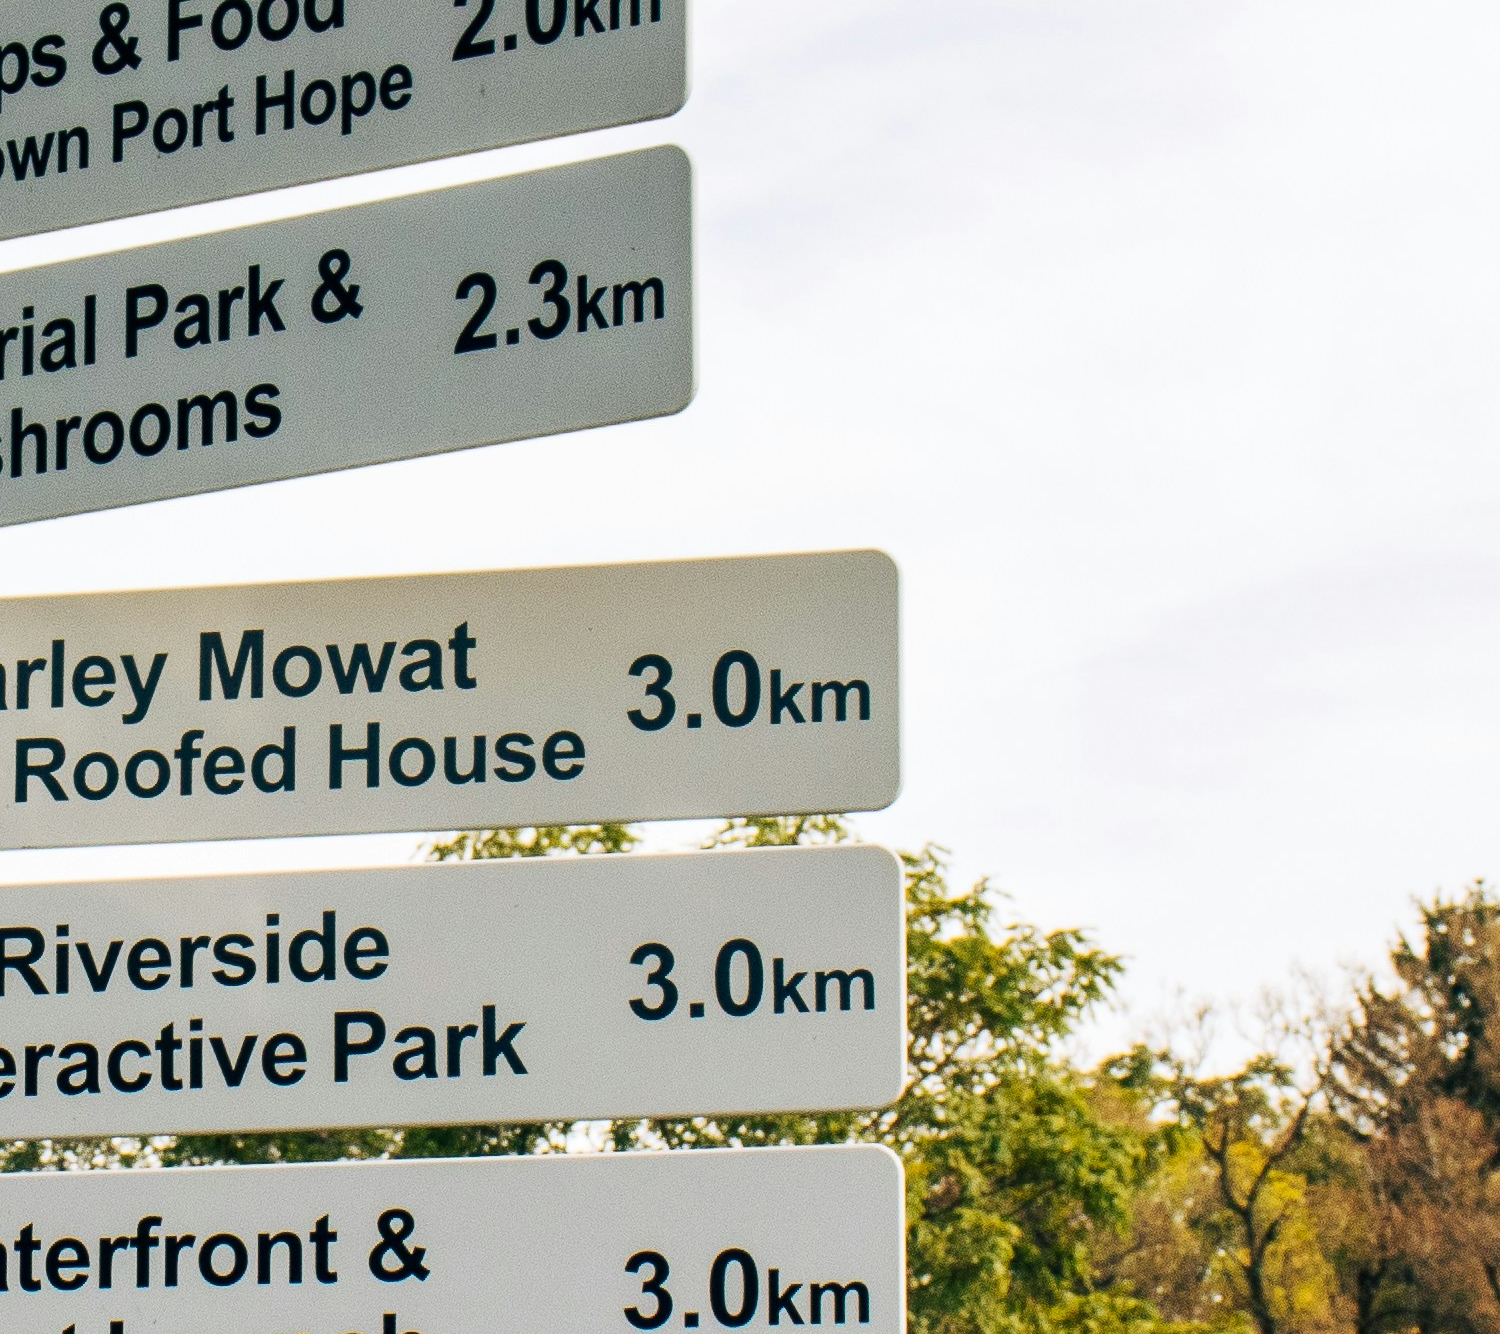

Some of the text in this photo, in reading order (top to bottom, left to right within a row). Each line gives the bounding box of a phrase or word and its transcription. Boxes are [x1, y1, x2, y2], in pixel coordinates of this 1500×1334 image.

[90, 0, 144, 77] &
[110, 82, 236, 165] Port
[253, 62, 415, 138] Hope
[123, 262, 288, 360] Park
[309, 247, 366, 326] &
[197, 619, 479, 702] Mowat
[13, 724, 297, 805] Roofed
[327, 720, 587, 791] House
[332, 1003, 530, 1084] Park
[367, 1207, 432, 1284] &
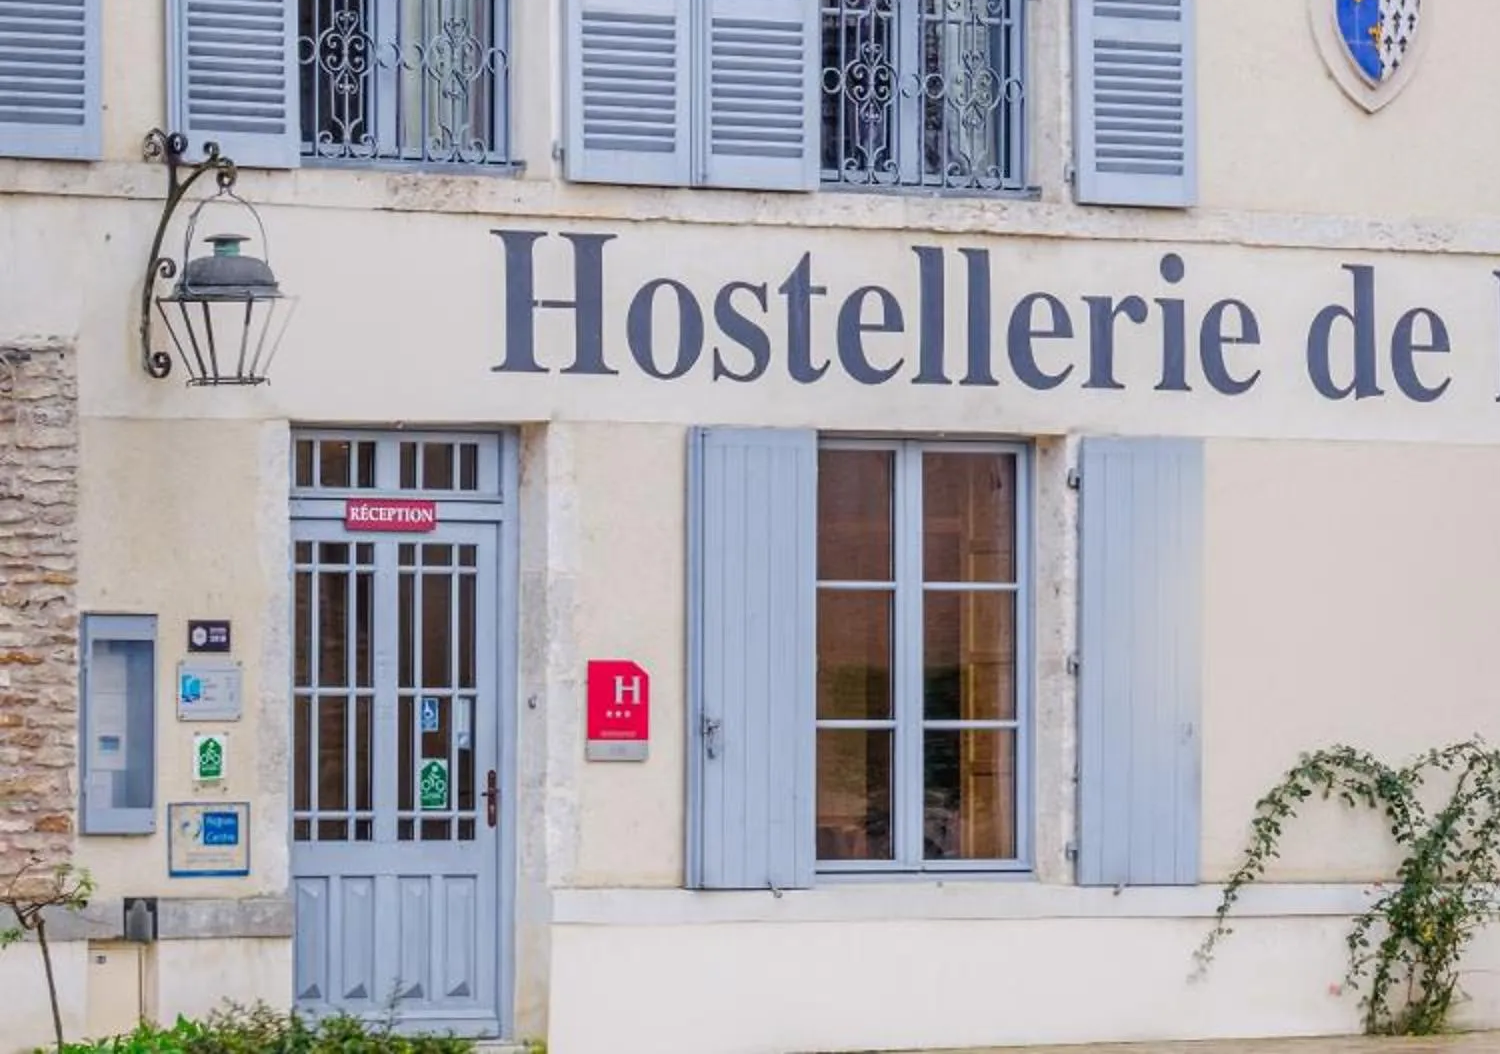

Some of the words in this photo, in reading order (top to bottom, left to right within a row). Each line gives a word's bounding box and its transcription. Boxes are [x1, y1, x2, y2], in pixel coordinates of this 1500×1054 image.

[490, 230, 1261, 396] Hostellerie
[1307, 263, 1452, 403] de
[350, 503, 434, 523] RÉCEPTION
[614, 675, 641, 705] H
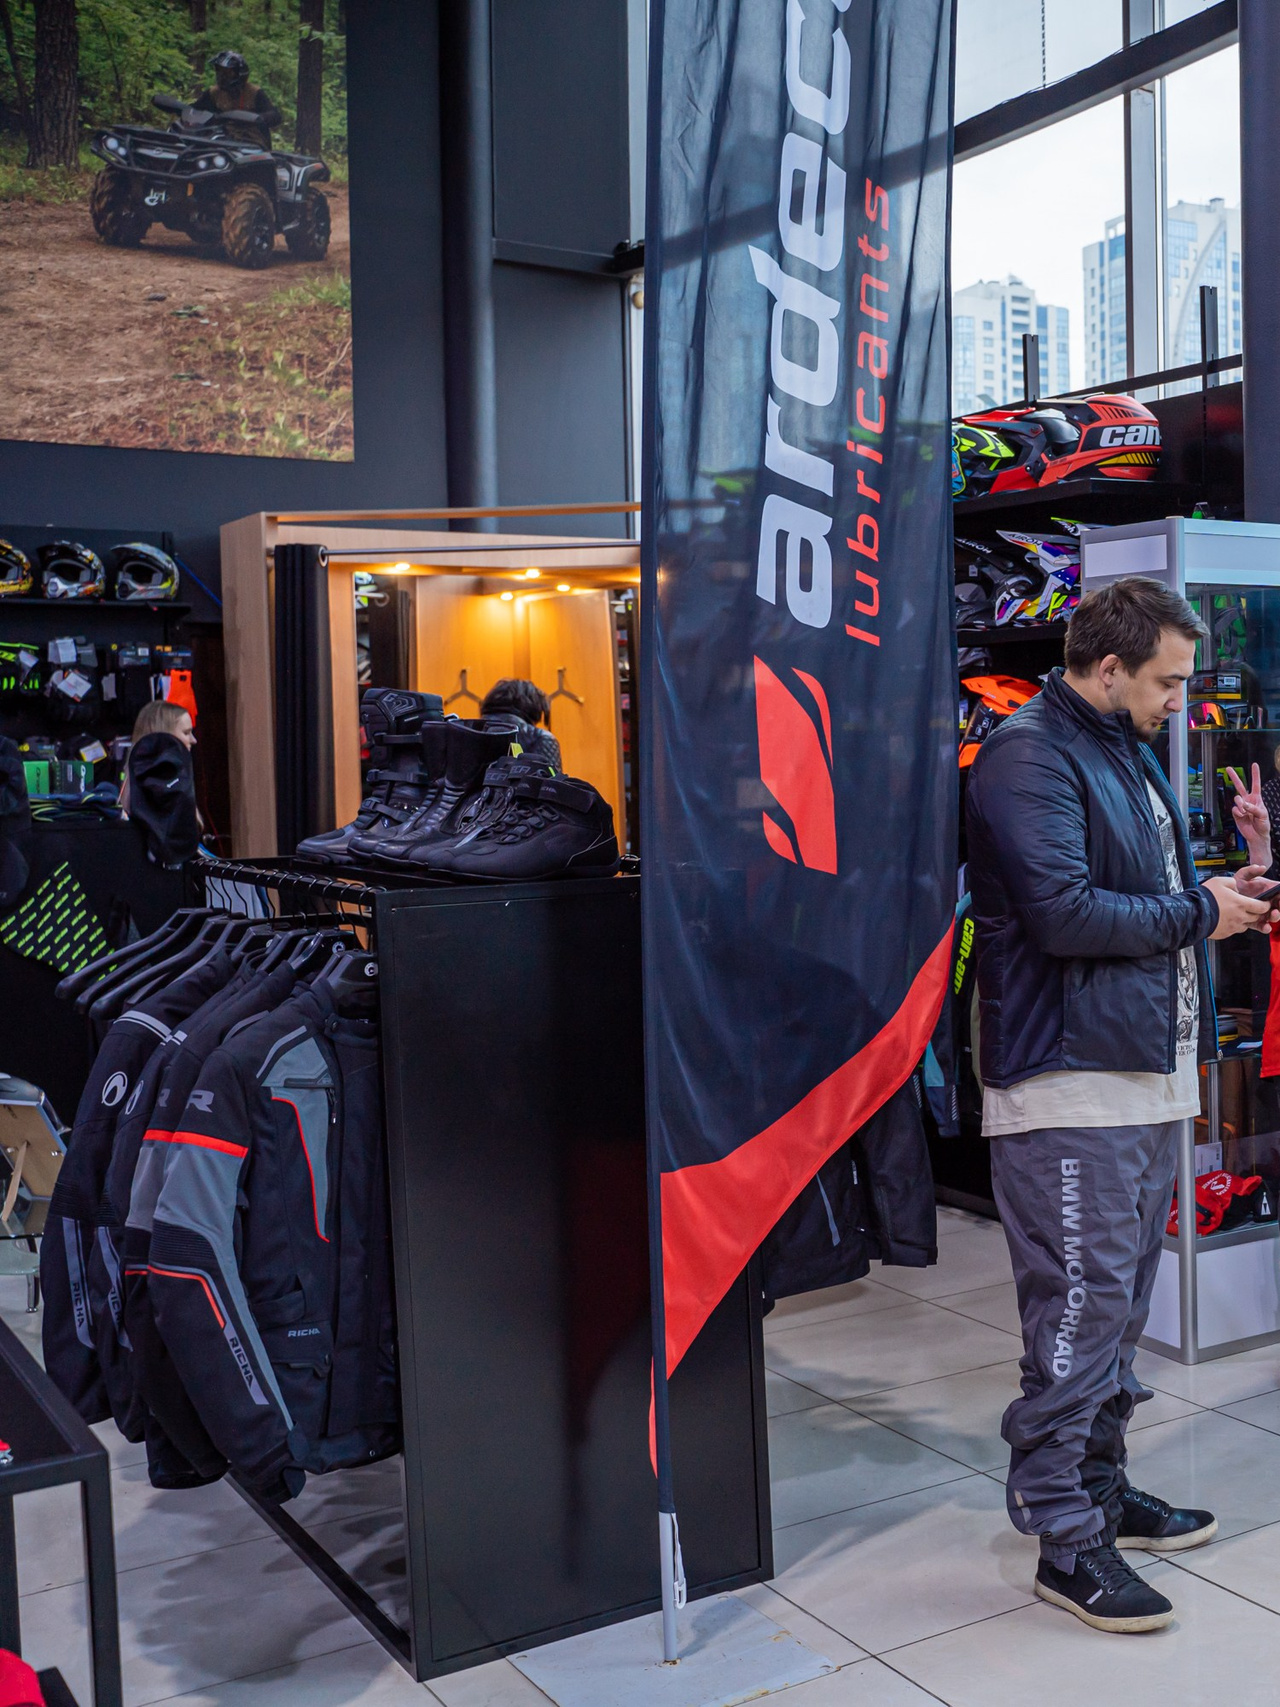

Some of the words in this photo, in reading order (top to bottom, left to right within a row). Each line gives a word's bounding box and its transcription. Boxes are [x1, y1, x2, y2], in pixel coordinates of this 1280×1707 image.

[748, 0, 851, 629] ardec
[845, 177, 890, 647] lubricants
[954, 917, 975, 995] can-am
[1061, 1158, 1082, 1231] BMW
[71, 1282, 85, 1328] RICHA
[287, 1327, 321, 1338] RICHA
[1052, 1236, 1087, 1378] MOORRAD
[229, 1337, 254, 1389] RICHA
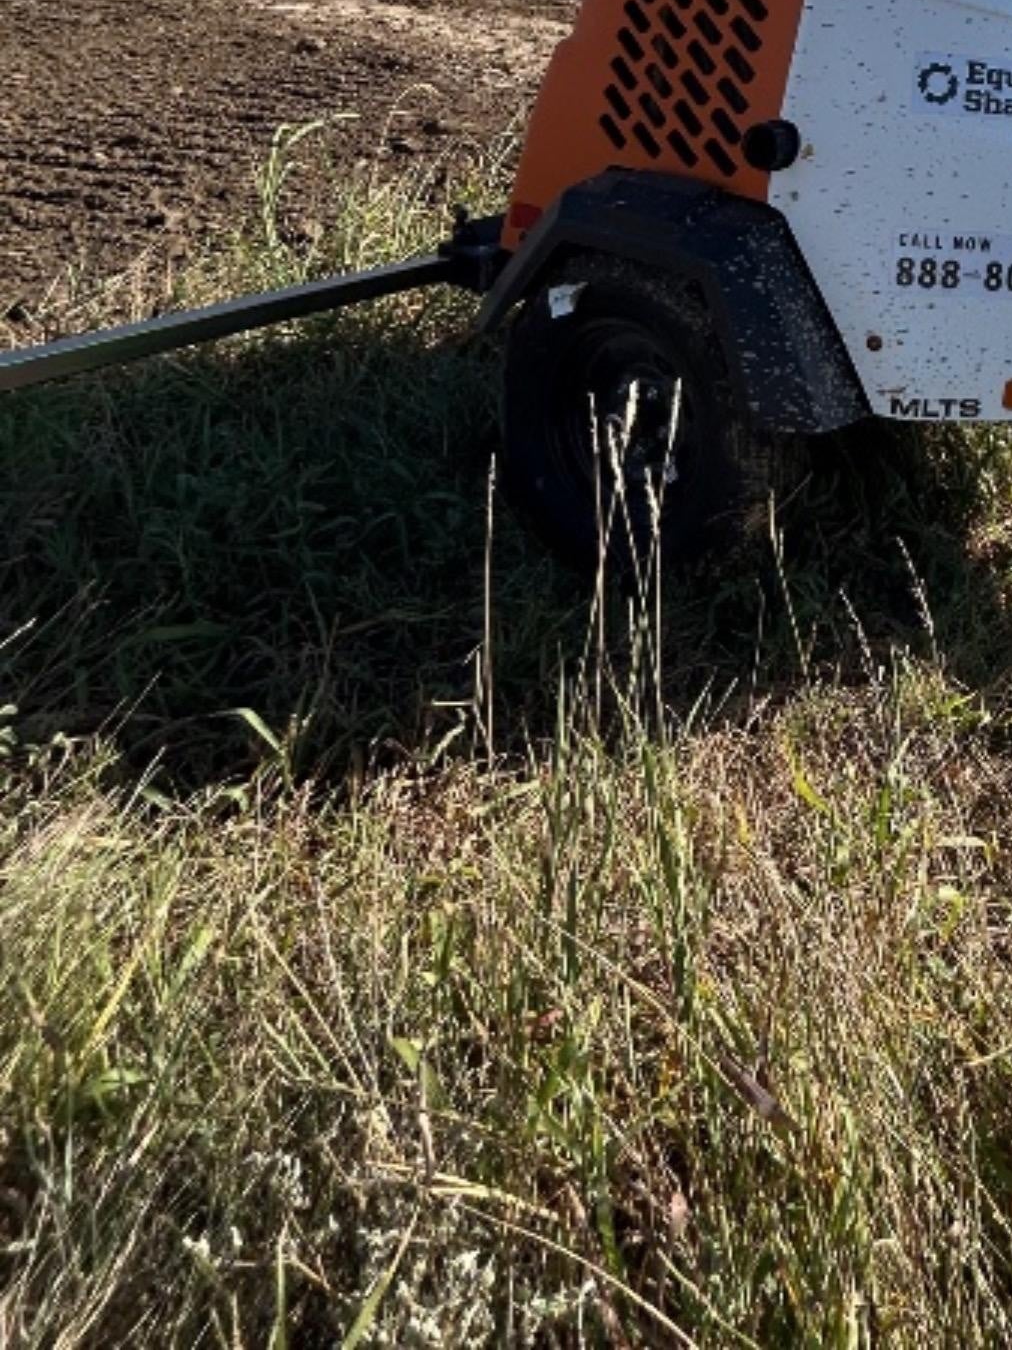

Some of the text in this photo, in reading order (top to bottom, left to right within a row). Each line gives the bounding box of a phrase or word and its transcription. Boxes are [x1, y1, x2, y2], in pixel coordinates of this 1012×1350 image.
:::::
What the task requires: Repeat every record exactly, but not the pictures.

Exercise result:
Some of the text in this photo, in reading order (top to bottom, left to right within a row). Each line gives the bounding box of a phrase or word and its transcription. Boxes are [x1, y1, x2, y2], in pixel coordinates of this 1500×1334 image.

[90, 0, 144, 77] &
[110, 82, 236, 165] Port
[253, 62, 415, 138] Hope
[123, 262, 288, 360] Park
[309, 247, 366, 326] &
[197, 619, 479, 702] Mowat
[13, 724, 297, 805] Roofed
[327, 720, 587, 791] House
[332, 1003, 530, 1084] Park
[367, 1207, 432, 1284] &

Some of the words in this photo, in reading order (top to bottom, left to right within a row). Each line gives a word's bounding box and its transcription. Boxes are [x1, y1, x2, y2], in pixel coordinates of this 1500×1054 image.

[490, 230, 1261, 396] Hostellerie
[1307, 263, 1452, 403] de
[350, 503, 434, 523] RÉCEPTION
[614, 675, 641, 705] H

Some of the words in this photo, in reading order (top to bottom, left to right within a row). Each line gives a word's bounding box and its transcription. Boxes are [x1, y1, x2, y2], in pixel coordinates of this 1280×1707 image.

[748, 0, 851, 629] ardec
[845, 177, 890, 647] lubricants
[954, 917, 975, 995] can-am
[1061, 1158, 1082, 1231] BMW
[71, 1282, 85, 1328] RICHA
[287, 1327, 321, 1338] RICHA
[1052, 1236, 1087, 1378] MOORRAD
[229, 1337, 254, 1389] RICHA

Some of the text in this photo, in reading order (top to bottom, left to right within a row). Each line gives the bounding box of a phrase or word and its transcription. Boxes are [x1, y1, x2, y2], in pixel coordinates of this 1012×1350 image.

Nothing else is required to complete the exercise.